No problem! Looking great otherwise!


----------



## CLT40k (Jun 18, 2010)

Nice work!


----------



## Firefighter X (Apr 21, 2010)

You sir make me SICK with envy.. I only hope to do the Blood God 1/2 the justice you have done.

Enjoy your +rep you deserve it.

FFX


----------



## Broken Sword (Jan 5, 2009)

Thanks guys, I appreciate the encouragement and advice. There is more to come. On my bench right now are three more Khorne Khavalry models and a gang of Iron Warriors.
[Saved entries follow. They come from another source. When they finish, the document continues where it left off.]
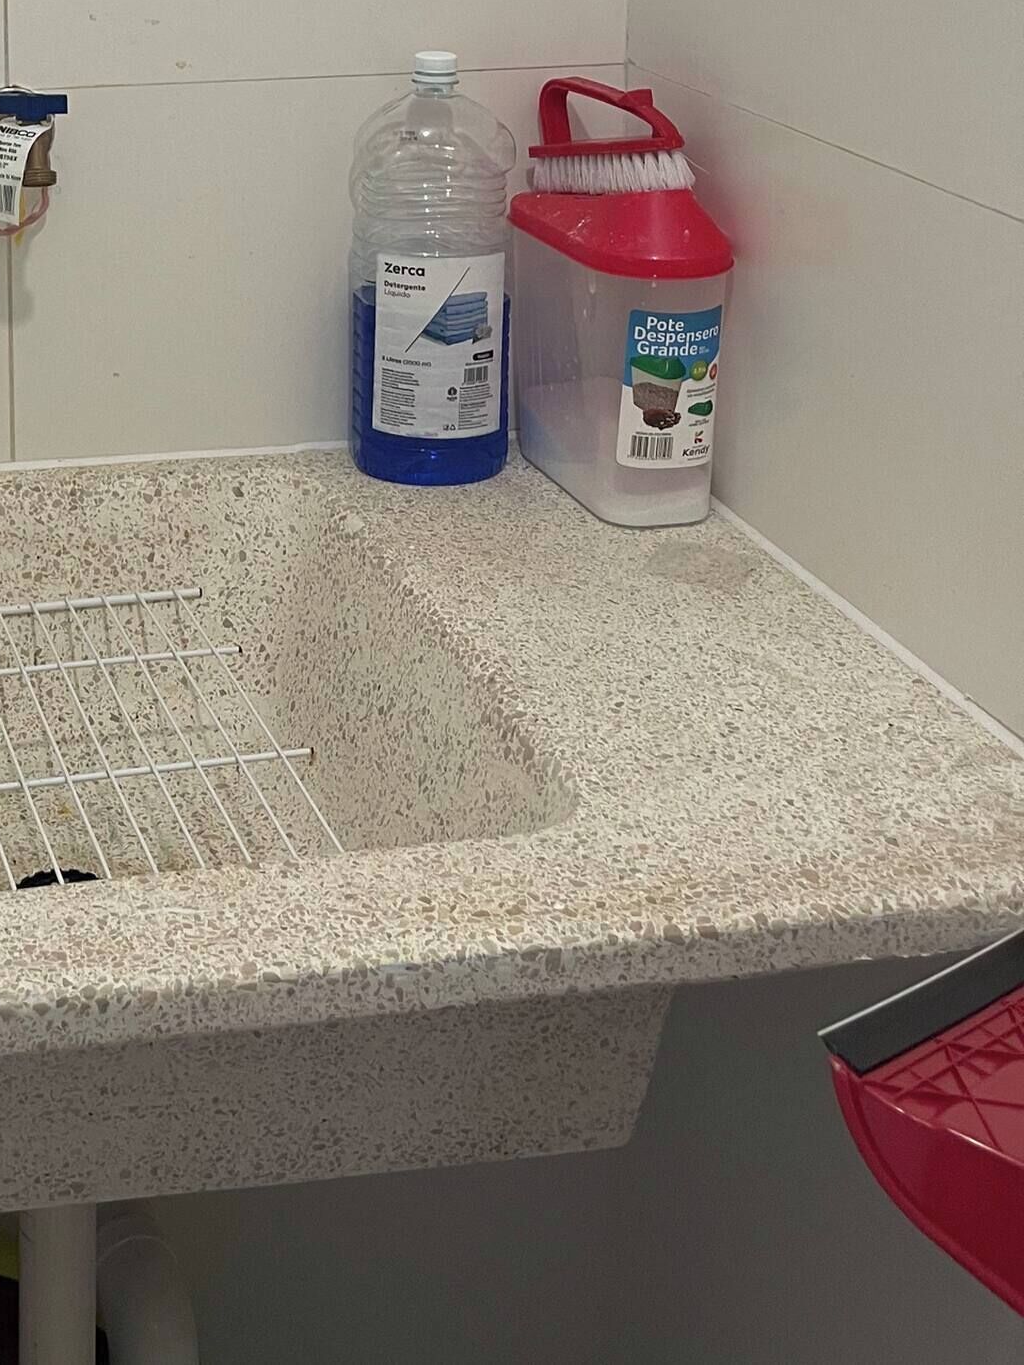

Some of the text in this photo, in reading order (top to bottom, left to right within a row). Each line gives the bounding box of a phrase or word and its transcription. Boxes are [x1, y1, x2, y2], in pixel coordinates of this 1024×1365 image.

[384, 262, 425, 277] Zerca
[384, 280, 426, 292] Detergente
[646, 316, 684, 332] Pote
[634, 325, 719, 344] Despensero
[637, 341, 698, 356] Grande
[682, 444, 710, 458] Kendy
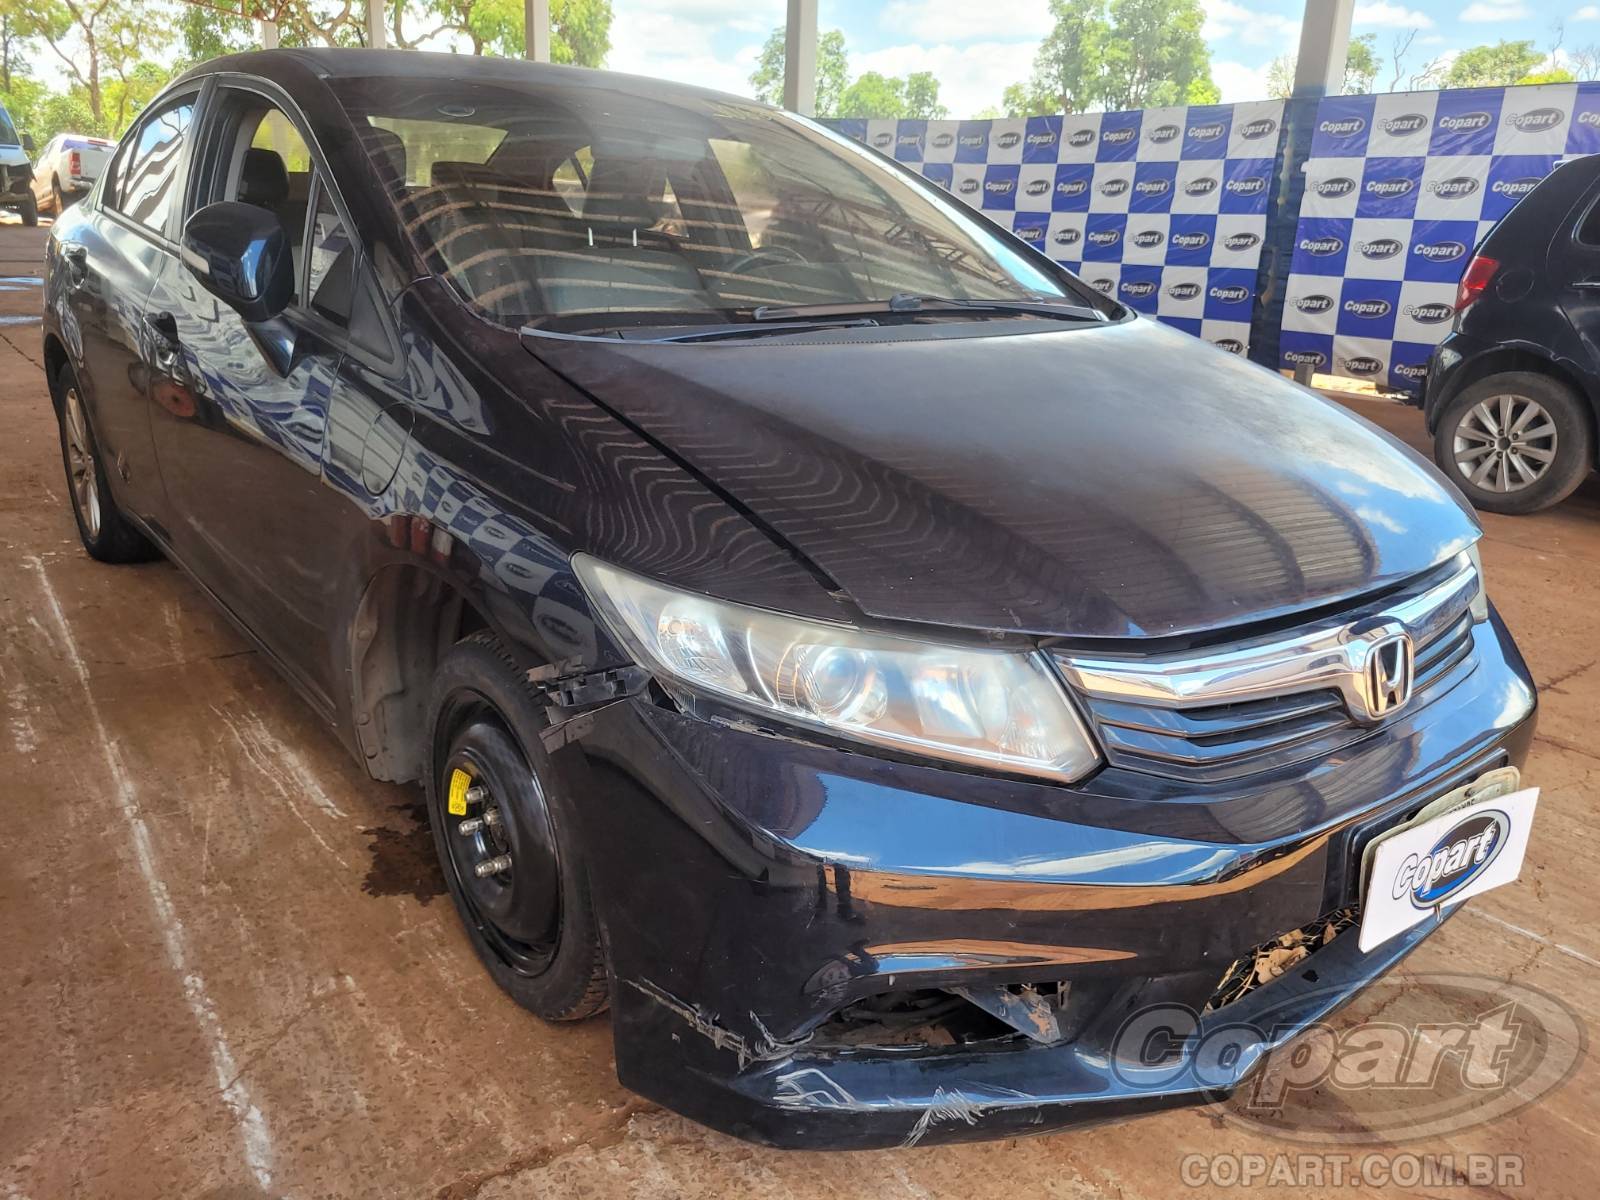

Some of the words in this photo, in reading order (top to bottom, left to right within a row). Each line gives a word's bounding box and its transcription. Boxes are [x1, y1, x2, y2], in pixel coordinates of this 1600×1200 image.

[1320, 119, 1360, 134] Copart
[1377, 117, 1420, 132] Copart
[1439, 115, 1486, 130] Copart
[1505, 112, 1557, 128] Copart
[1027, 133, 1053, 145] Copart
[1065, 132, 1092, 144] opart
[1103, 130, 1132, 143] Copart
[1145, 128, 1174, 142] opart
[1187, 126, 1221, 139] Copart
[960, 135, 983, 146] Copart
[994, 134, 1018, 147] opart
[985, 181, 1012, 193] Copart
[1022, 182, 1047, 194] opart
[1057, 181, 1084, 194] Copart
[1136, 181, 1166, 194] Copart
[1181, 180, 1212, 193] opart
[1226, 179, 1261, 193] Copart
[1311, 180, 1349, 194] Copart
[1366, 180, 1408, 195] Copart
[1427, 180, 1471, 194] Copart
[1492, 180, 1535, 196] Copar
[1051, 231, 1077, 243] opart
[1088, 231, 1117, 244] Copart
[1129, 232, 1160, 245] opart
[1172, 233, 1206, 246] Copart
[1219, 234, 1254, 247] opart
[1300, 238, 1338, 253] Copart
[1353, 240, 1397, 255] Copart
[1413, 243, 1460, 258] Copart
[1121, 282, 1152, 295] Copart
[1163, 285, 1198, 298] opart
[1210, 286, 1245, 300] Copart
[1289, 296, 1328, 309] Copart
[1344, 300, 1386, 314] Copart
[1403, 304, 1448, 319] Copart
[1284, 351, 1321, 365] Copart
[1393, 364, 1428, 377] Copa
[1392, 819, 1498, 900] Copart
Expect the Khavalry to be more of the same, but with different gear and looks while the Iron Warriors are going to take on some of the features I included in the Drop Pod scheme to include rust blasts and drips, hazards and some vedigris.


----------



## DrinCalhar (Jul 10, 2010)

They are so ferocious.


----------



## Djinn24 (Jan 12, 2008)

The leather on the warhammer looks under shaded/highlighted compared to the rest of the model and the brass on part of the Jugg (front right) does not look like it has been shaded (I am guessing it the lighting because the otherside is. Very nice work.


----------



## The Wraithlord (Jan 1, 2007)

Very impressive work overall, can't really pick out anything that strikes me as needing improvement. I will say this however, I think you might want to look into a new basecoat spray as all of the models seem to have a texture to them that really stands out to me. On models that look fantastic otherwise, that really stands out to me.
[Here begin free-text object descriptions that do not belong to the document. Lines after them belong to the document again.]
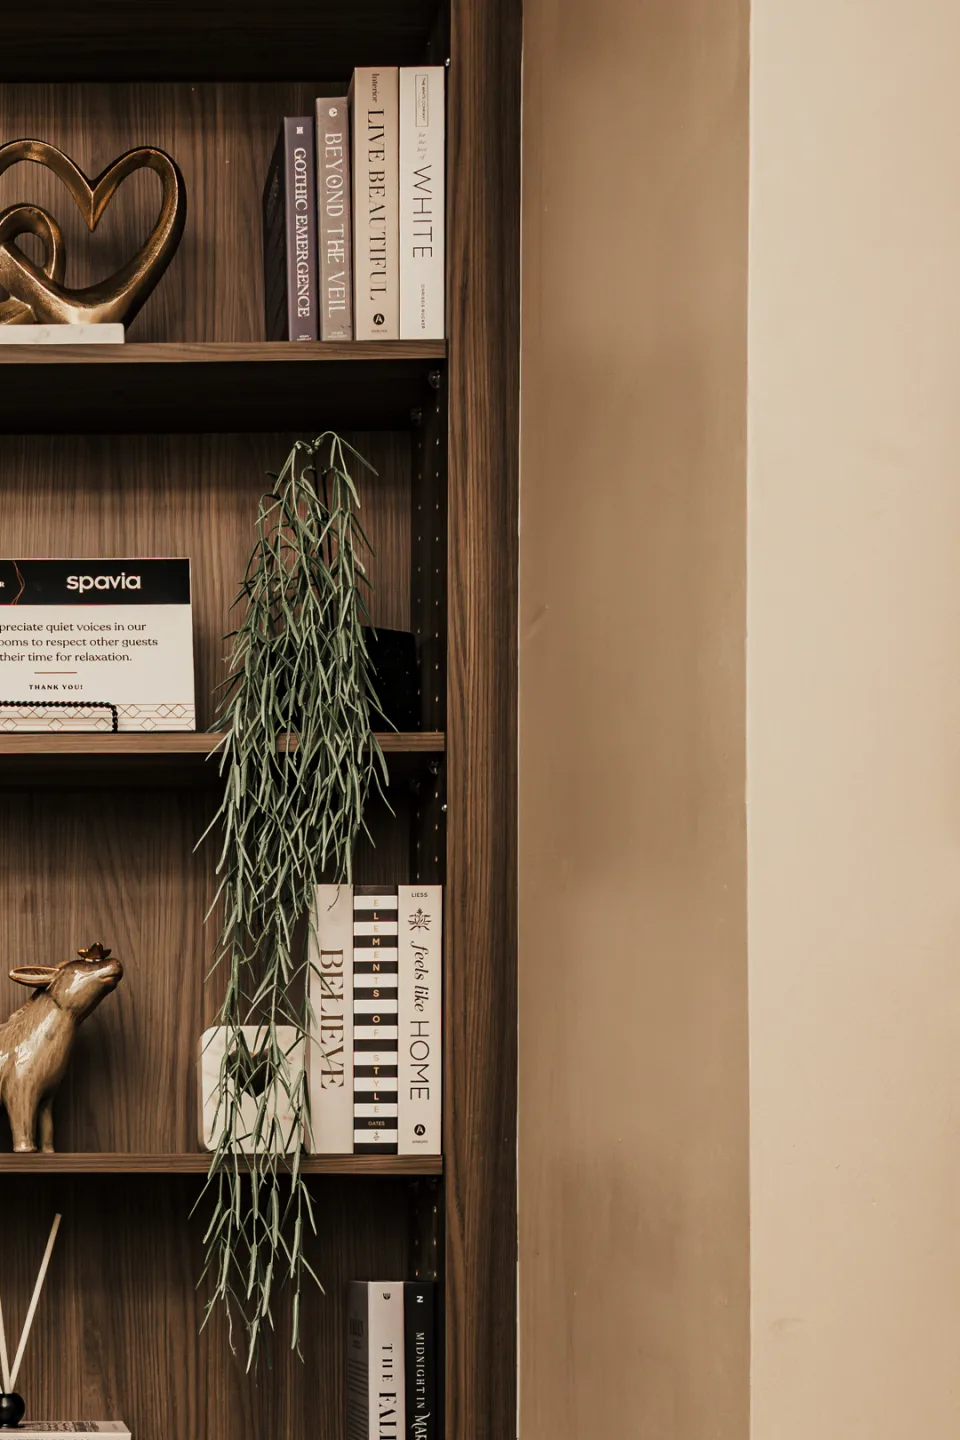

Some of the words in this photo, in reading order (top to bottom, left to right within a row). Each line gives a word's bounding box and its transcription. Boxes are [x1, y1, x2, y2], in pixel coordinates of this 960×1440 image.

[371, 73, 380, 102] Interior
[368, 109, 385, 162] LIVE
[294, 147, 308, 211] GOTHIC
[325, 133, 344, 217] BEYOND
[412, 164, 433, 258] WHITE
[327, 225, 345, 264] THE
[368, 170, 387, 301] BEAUTIFUL
[295, 214, 310, 317] EMERGENCE
[328, 271, 346, 318] VEIL
[66, 572, 141, 593] spavia
[31, 638, 43, 646] to
[46, 638, 86, 649] respect
[89, 637, 119, 646] other
[121, 638, 158, 649] guests
[46, 622, 74, 634] quiet
[76, 622, 112, 631] voices
[115, 622, 124, 631] in
[0, 653, 25, 661] their
[27, 653, 53, 661] time
[56, 652, 72, 661] for
[74, 652, 132, 661] relaxation.
[410, 941, 429, 980] feels
[320, 949, 345, 1089] BELIEVE
[414, 986, 429, 1012] like
[409, 1020, 430, 1100] HOME
[382, 1343, 393, 1382] THE
[415, 1332, 425, 1392] MIDNIGHT
[416, 1397, 425, 1409] IN
Of course, that texture could just be from the plastic of the models as well in which case there is nothing to be done about it.


----------



## Broken Sword (Jan 5, 2009)

Hey all, as I have been knocking out Chaos units, I re-painted my Vindicator. It is a Nurgle Possessed Vindi named Vomica and was converted about 2 years ago and has always been one of my favorite models. The initial paintjob was not up to par for me, so I broke out the airbrush and got to work. 










The camera really pisses me off sometimes as the flash causes the pink to come off too hot and the subtle variations in the tank's shading from bright at the top to dark on the bottom are lost in the photo. Nonetheless, I hope you all find this disgusting offering worthy!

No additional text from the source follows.